EXERCISE DESCRIPTION: Give again the line that contains "this 2000×1500 image." and every line after it to the end of the records. Keep them exactly as they are and add nothing.

(Beginning of SUPPLIED MATERIAL)

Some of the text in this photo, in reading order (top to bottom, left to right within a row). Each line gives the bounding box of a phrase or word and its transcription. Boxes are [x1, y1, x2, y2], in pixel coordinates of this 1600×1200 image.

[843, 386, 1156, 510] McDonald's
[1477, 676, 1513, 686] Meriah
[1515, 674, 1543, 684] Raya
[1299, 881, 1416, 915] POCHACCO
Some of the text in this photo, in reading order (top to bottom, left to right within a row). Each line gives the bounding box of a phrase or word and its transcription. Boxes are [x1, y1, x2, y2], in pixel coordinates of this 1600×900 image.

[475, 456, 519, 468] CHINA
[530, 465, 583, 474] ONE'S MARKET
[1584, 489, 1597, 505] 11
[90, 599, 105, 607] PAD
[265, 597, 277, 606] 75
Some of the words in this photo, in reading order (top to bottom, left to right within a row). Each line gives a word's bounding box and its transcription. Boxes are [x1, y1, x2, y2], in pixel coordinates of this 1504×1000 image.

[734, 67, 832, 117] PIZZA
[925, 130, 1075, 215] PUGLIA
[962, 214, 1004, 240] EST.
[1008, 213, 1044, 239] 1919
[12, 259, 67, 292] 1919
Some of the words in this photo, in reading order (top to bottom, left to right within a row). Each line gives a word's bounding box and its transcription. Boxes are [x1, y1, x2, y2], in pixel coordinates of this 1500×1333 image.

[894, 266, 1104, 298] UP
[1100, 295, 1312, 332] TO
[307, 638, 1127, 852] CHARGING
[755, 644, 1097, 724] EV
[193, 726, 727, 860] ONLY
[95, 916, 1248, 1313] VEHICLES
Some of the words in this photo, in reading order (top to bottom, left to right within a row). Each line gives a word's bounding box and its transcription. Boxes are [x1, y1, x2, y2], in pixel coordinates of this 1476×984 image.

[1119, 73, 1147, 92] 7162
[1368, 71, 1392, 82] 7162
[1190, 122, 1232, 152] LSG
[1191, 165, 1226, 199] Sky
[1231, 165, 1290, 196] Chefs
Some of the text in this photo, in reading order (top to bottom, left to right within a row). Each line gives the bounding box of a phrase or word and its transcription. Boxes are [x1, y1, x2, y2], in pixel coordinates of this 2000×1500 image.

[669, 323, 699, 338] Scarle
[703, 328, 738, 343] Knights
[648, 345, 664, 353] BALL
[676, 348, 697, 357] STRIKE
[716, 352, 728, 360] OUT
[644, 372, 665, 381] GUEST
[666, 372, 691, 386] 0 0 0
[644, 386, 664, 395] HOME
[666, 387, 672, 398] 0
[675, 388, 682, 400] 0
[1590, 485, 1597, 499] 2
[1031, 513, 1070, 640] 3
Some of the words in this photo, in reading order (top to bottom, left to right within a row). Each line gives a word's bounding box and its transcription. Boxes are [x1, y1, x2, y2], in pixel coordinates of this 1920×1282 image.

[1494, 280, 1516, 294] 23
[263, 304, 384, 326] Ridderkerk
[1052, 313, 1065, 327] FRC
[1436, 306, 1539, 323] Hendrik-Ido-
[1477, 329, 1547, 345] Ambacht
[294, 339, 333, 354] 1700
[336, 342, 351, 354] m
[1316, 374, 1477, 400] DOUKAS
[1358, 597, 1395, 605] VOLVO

(End of SUPPLIED MATERIAL)

RESULT OF THE TASK:
Some of the text in this photo, in reading order (top to bottom, left to right within a row). Each line gives the bounding box of a phrase or word and its transcription. Boxes are [x1, y1, x2, y2], in pixel coordinates of this 2000×1500 image.

[669, 323, 699, 338] Scarle
[703, 328, 738, 343] Knights
[648, 345, 664, 353] BALL
[676, 348, 697, 357] STRIKE
[716, 352, 728, 360] OUT
[644, 372, 665, 381] GUEST
[666, 372, 691, 386] 0 0 0
[644, 386, 664, 395] HOME
[666, 387, 672, 398] 0
[675, 388, 682, 400] 0
[1590, 485, 1597, 499] 2
[1031, 513, 1070, 640] 3
Some of the words in this photo, in reading order (top to bottom, left to right within a row). Each line gives a word's bounding box and its transcription. Boxes are [x1, y1, x2, y2], in pixel coordinates of this 1920×1282 image.

[1494, 280, 1516, 294] 23
[263, 304, 384, 326] Ridderkerk
[1052, 313, 1065, 327] FRC
[1436, 306, 1539, 323] Hendrik-Ido-
[1477, 329, 1547, 345] Ambacht
[294, 339, 333, 354] 1700
[336, 342, 351, 354] m
[1316, 374, 1477, 400] DOUKAS
[1358, 597, 1395, 605] VOLVO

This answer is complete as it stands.